Un article du Monde de ce soir est très superficiel et imprécis dans son analyse : l'essentiel y est bien, puisque le PS est considéré comme le plus respectueux de la loi pour la présentation des candidat-e-s. Mais l'interprétation des chiffres en général mérite d'être approfondie.
Nombre (à confirmer) des candidatures déposées hier pour les législatives de juin : 7550 (contre 8456 en 2002), soit au moins 13 par siège à pourvoir (contre près de 15 en 2002).
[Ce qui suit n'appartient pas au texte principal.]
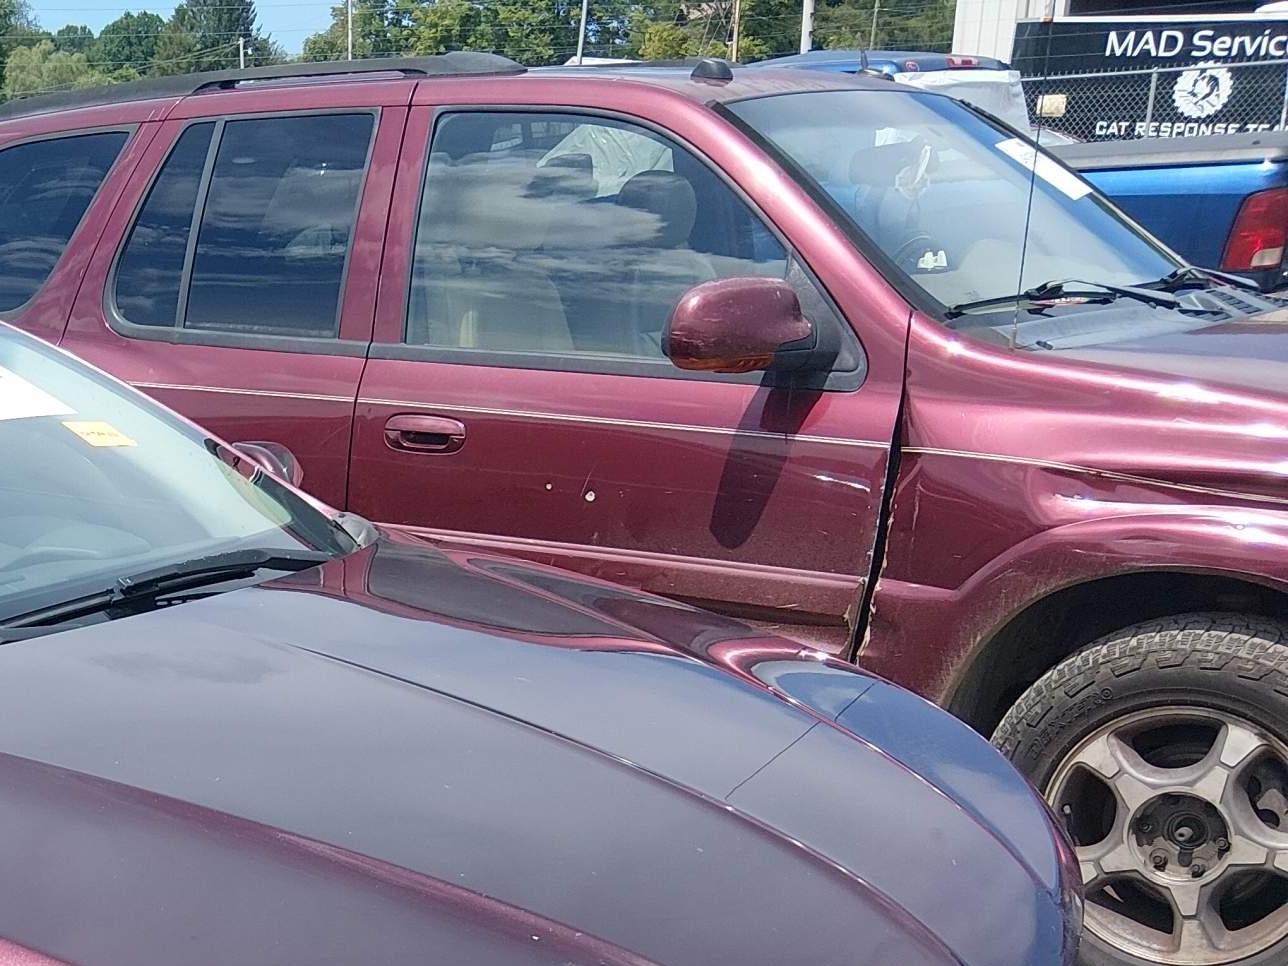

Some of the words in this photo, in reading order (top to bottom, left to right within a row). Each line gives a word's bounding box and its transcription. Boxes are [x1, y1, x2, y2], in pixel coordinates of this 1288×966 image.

[1105, 30, 1184, 57] MAD
[1190, 28, 1288, 57] Servic
[1095, 120, 1130, 136] CAT
[1134, 121, 1240, 138] RESPONSE
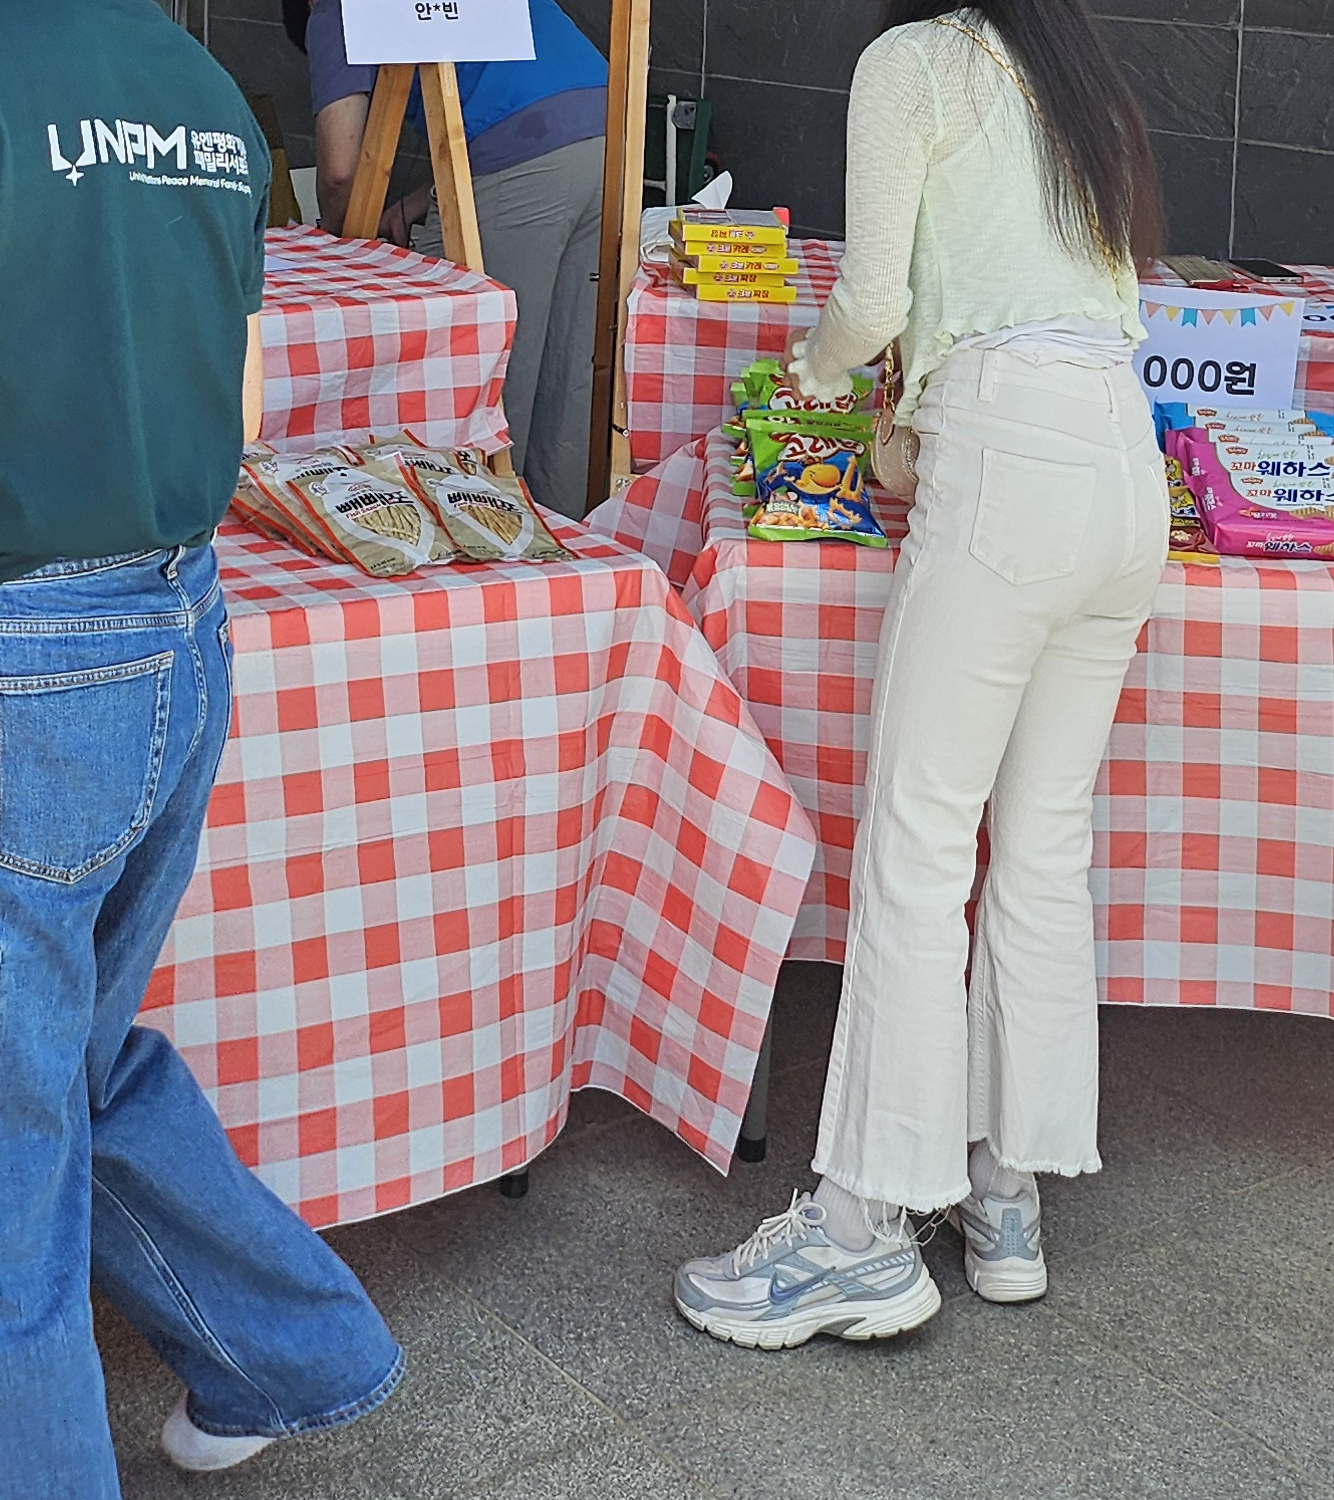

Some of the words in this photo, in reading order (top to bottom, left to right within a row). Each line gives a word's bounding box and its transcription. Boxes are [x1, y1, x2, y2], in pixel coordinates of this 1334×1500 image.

Sur ce total de candidat-e-s, on compterait 45 % de femmes en 2007, au lieu de 38,5 % il y a 5 ans : très bien. Mais que dire de l'explication donnée à cette augmentation ? ce n'est pas la loi de 2000, puisqu'elle était déjà en vigueur au scrutin précédent !
Cette loi a été votée en juin 2000, grâce à la révision de la Constitution de 1999, les deux étant menées par le gouvernement Jospin : elle oblige les partis politiques à présenter des candidats et candidates en nombre égal. Ce n'est pas une obligation comparable à celle qui s'applique aux scrutins par listes à la proportionnelle, où la sanction est beaucoup plus radicale et efficace (à défaut de parité, la liste candidate est nulle, et ne peut être enregistrée en préfecture). Dans le cas des législatives, il n'y a qu'une sanction financière ; une partie du financement public aux partis politiques est soustraite de la somme allouée par l'État. Le Monde omet de dire que les sommes indiquées dans l'article sont annuelles : il faut donc multiplier par 5 les millions perdus par l'UMP, le PS et l'UDF depuis 2002 !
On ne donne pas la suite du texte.